START Data in this exercise
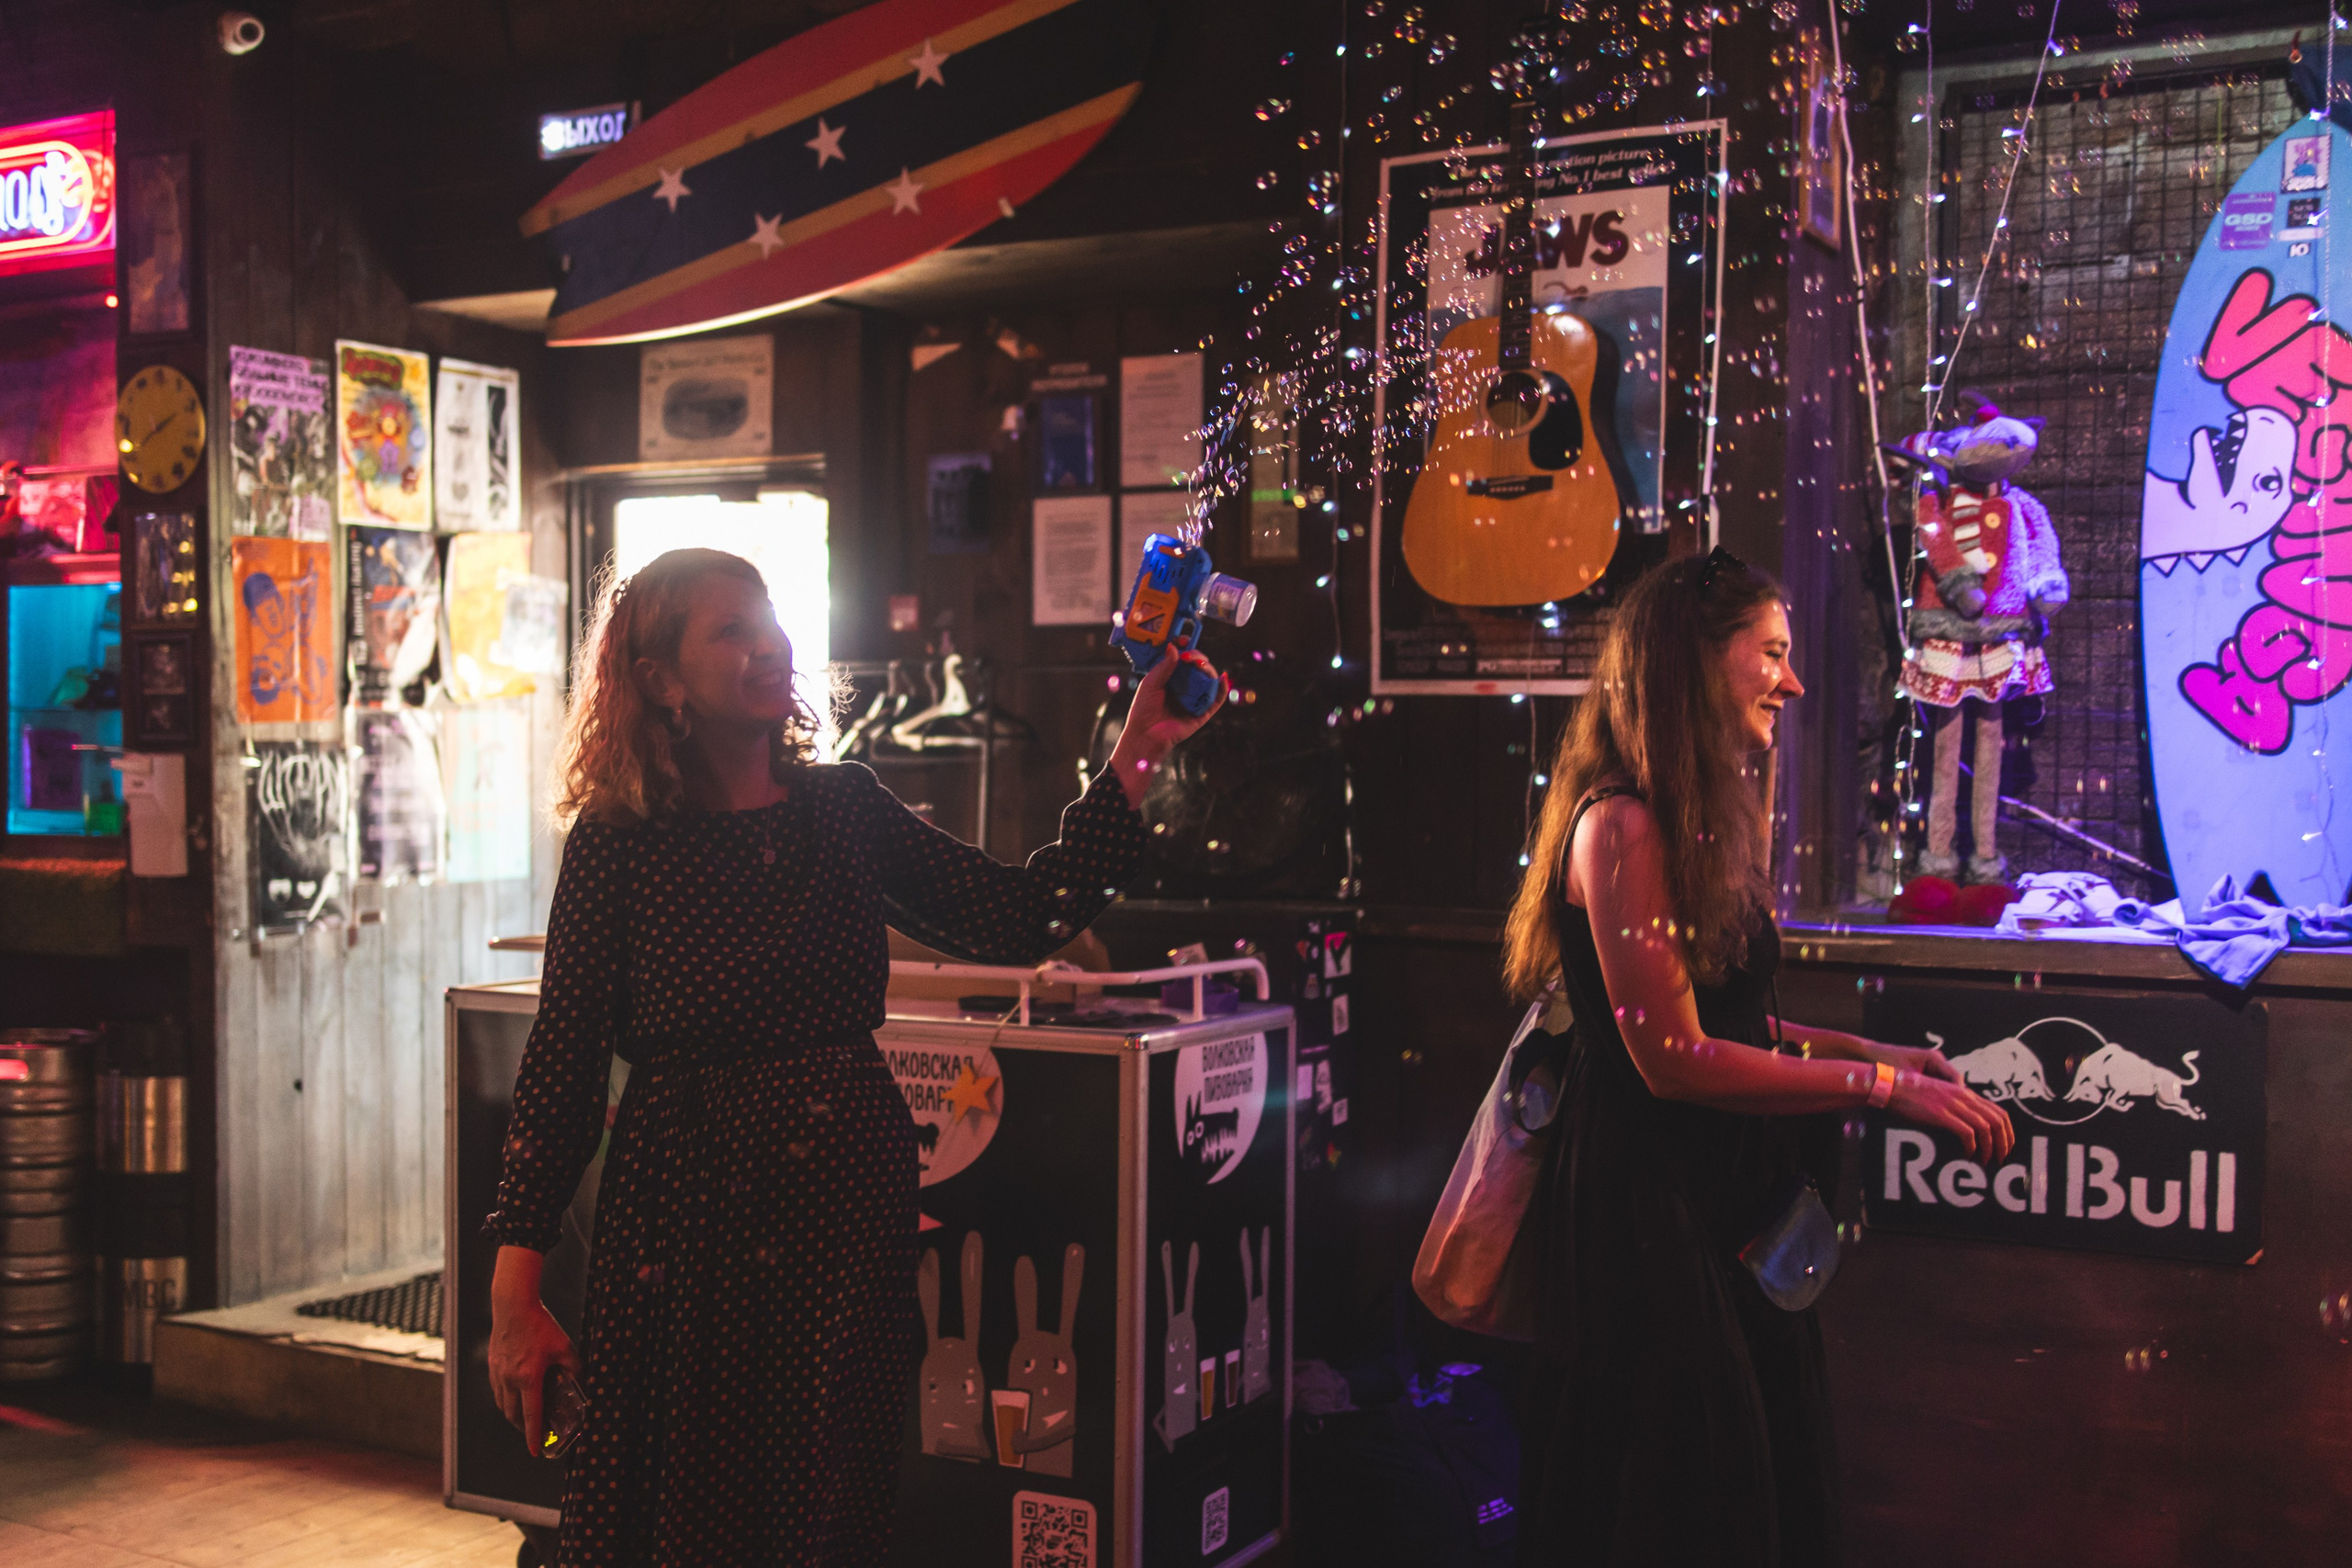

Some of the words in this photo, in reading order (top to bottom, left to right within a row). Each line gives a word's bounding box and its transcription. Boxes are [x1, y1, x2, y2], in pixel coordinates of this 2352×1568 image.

[1591, 166, 1624, 182] best
[1598, 147, 1650, 166] picture
[1464, 210, 1630, 275] JWS
[1203, 1036, 1255, 1072] ВОЛКОВСКАЯ
[1204, 1066, 1253, 1103] ПИВОВАРНЯ
[1884, 1128, 2048, 1214] Red
[2065, 1142, 2236, 1233] Bull
END Data in this exercise
[Aim of the exercise] Extract all the entries word for word; omit any pictures.

[Output]
Some of the words in this photo, in reading order (top to bottom, left to right within a row). Each line gives a word's bounding box and its transcription. Boxes are [x1, y1, x2, y2], in pixel coordinates of this 2352×1568 image.

[1591, 166, 1624, 182] best
[1598, 147, 1650, 166] picture
[1464, 210, 1630, 275] JWS
[1203, 1036, 1255, 1072] ВОЛКОВСКАЯ
[1204, 1066, 1253, 1103] ПИВОВАРНЯ
[1884, 1128, 2048, 1214] Red
[2065, 1142, 2236, 1233] Bull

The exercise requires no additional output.